BEGIN Source data

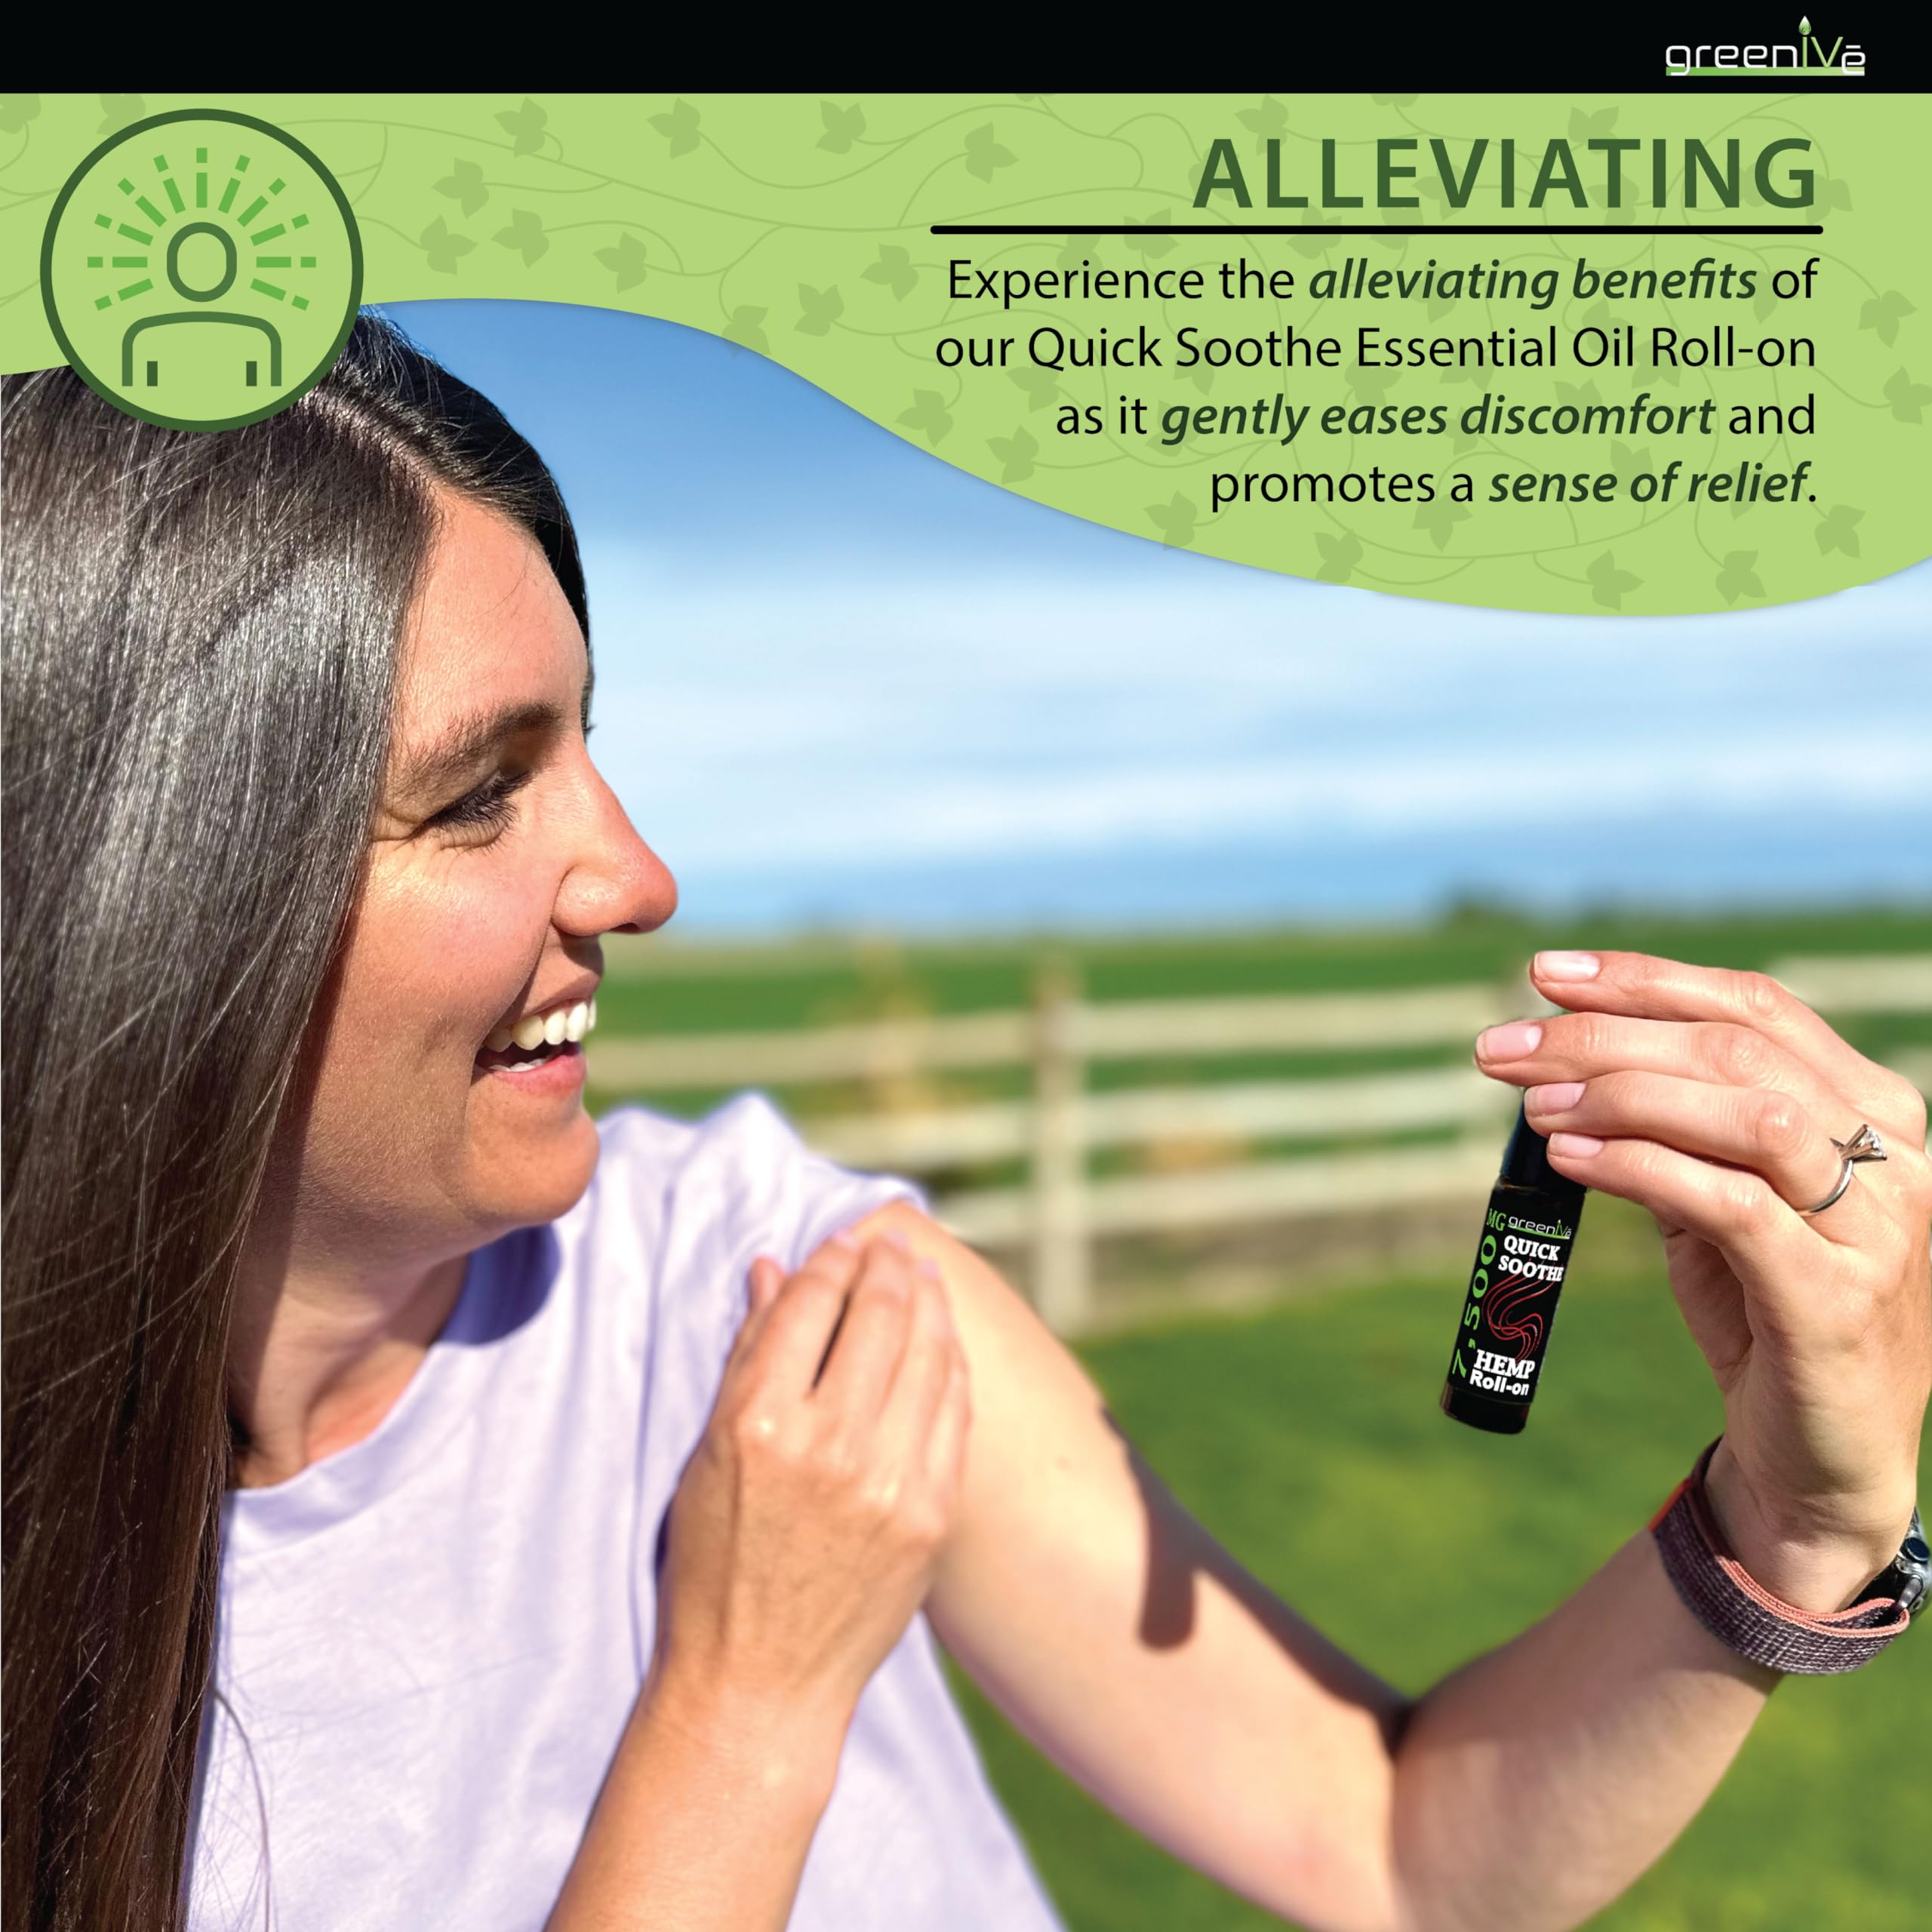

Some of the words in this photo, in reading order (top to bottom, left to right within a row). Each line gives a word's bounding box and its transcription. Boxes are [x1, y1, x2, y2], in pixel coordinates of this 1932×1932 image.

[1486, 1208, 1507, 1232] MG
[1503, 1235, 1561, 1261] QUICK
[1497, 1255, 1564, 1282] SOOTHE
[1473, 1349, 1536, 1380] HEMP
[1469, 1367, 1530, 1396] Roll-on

END Source data

▶ _Work required_
Copy out the data exactly and keep the pictures out.

▶ _Task solution_
Some of the words in this photo, in reading order (top to bottom, left to right within a row). Each line gives a word's bounding box and its transcription. Boxes are [x1, y1, x2, y2], in pixel coordinates of this 1932×1932 image.

[1486, 1208, 1507, 1232] MG
[1503, 1235, 1561, 1261] QUICK
[1497, 1255, 1564, 1282] SOOTHE
[1473, 1349, 1536, 1380] HEMP
[1469, 1367, 1530, 1396] Roll-on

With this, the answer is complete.